About this task:
Of the material below, the lines to be retyped are those from the line containing "this 1272×1204 image." through the line containing "Some of the words", inclusive; reproduce them exactly.

Given data:
# # # # # # #
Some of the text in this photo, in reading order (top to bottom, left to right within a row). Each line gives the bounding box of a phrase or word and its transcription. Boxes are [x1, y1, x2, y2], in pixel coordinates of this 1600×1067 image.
# # # # # # #
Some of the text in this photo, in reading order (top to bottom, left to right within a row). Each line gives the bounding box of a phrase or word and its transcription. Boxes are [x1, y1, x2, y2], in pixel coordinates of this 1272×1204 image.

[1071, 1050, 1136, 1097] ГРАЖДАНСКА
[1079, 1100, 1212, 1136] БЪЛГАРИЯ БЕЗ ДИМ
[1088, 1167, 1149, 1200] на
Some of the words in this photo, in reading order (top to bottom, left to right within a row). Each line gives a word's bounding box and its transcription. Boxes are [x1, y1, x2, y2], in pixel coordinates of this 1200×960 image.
# # # # # # #
Exercise solution:
Some of the text in this photo, in reading order (top to bottom, left to right within a row). Each line gives the bounding box of a phrase or word and its transcription. Boxes are [x1, y1, x2, y2], in pixel coordinates of this 1272×1204 image.

[1071, 1050, 1136, 1097] ГРАЖДАНСКА
[1079, 1100, 1212, 1136] БЪЛГАРИЯ БЕЗ ДИМ
[1088, 1167, 1149, 1200] на
Some of the words in this photo, in reading order (top to bottom, left to right within a row). Each line gives a word's bounding box and its transcription. Boxes are [x1, y1, x2, y2], in pixel coordinates of this 1200×960 image.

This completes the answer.